ただし、塗装によって寿命を延ばせるのは屋根材のみであり、屋根下地の寿命は延びません。屋根表面のみの劣化であれば塗装が向いていますが、屋根下地が劣化している場合は他の工法を行った方が良いでしょう。
塗装の工事費用は30坪住宅で40~80万円が相場となっており、工期は10~15日間が一般的です。
関連記事:屋根塗装の相場は40〜80万円が目安!坪数ごとの費用や内訳、安く抑えるコツを紹介
カバー工法(重ね葺き)
カバー工法(重ね葺き)は、古い屋根の上から新しい屋根材をかぶせる工法です。既存屋根の撤去作業がないぶん、リフォーム費用と時間を節約できるメリットがあります。
一方で屋根が重くなり、耐震性が下がる恐れがあります。元からある部分の劣化は直らないため、既存屋根の下地や内部まで劣化が進行している場合には不向きです。
カバー工法の工事費用は、平均的な30坪住宅で80~120万円が相場です。必要な工期は5~10日間ほどです。

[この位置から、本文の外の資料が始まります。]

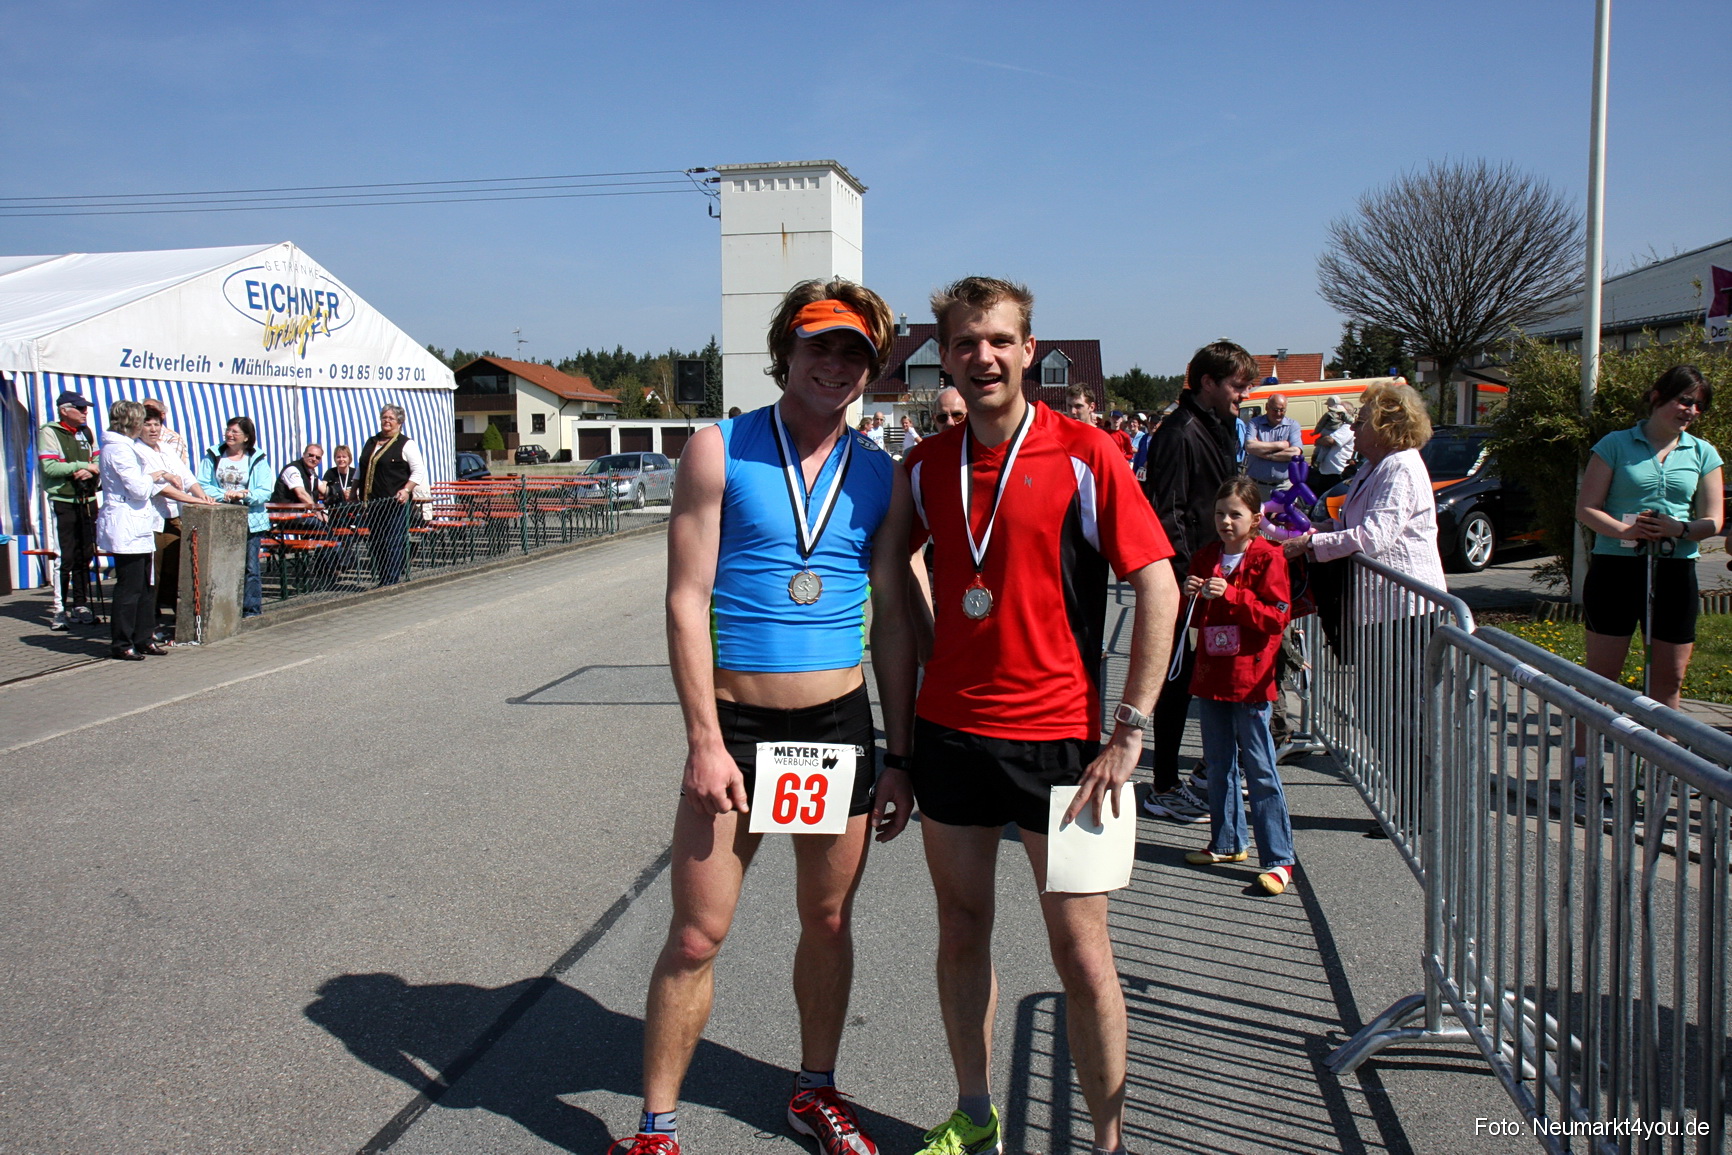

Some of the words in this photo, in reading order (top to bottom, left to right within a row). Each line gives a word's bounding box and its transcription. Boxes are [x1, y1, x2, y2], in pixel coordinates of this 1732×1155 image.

関連記事:屋根カバー工法とは?費用相場とメリット・デメリット、工事できない家の条件も
葺き替え
葺き替えとは、既存の屋根材をすべて撤去して新しい屋根材に交換する工法です。表面の屋根材だけでなく下地も新しくなるため、トラブルを根本から解決でき、屋根の寿命がリセットされます。
ただし、既存屋根の撤去費用や下地の材料代などが発生し、最も大規模な作業となるため、他の工法よりも費用が高額です。工事費用は平均的な30坪住宅で140~200万円が相場となっており、工期は10~15日ほどかかります。
関連記事:屋根の葺き替え工事とは?費用相場やカバー工法・屋根塗装との違いを解説
屋根の部分修理の種類と費用相場
劣化している箇所が限られている場合は、リフォームをせずに部分修理で済ませられる場合があります。屋根の部分修理には主に4つの種類があり、それぞれ費用相場が異なります。
部分修理の種類 | 費用相場(30坪の場合) |
屋根材の修繕 | 3~30万円 |
棟板金の交換 | 10~30万円 |
雨樋の修理・交換 | 3~30万円 |
漆喰の交換 | 10~25万円 |
どの修理方法を選んでも、リフォーム費用に比べてかなり安価で対応ができます。ここでは、部分修理の種類と費用相場について詳しく解説します。
屋根材の修繕
屋根材の修繕は、屋根表面の瓦やトタンなどが破損した場合に、壊れた部分だけを直す修理方法です。修理する範囲が限られているため費用が安く、修理範囲が約1畳分であれば4万円以下に費用を抑えられます。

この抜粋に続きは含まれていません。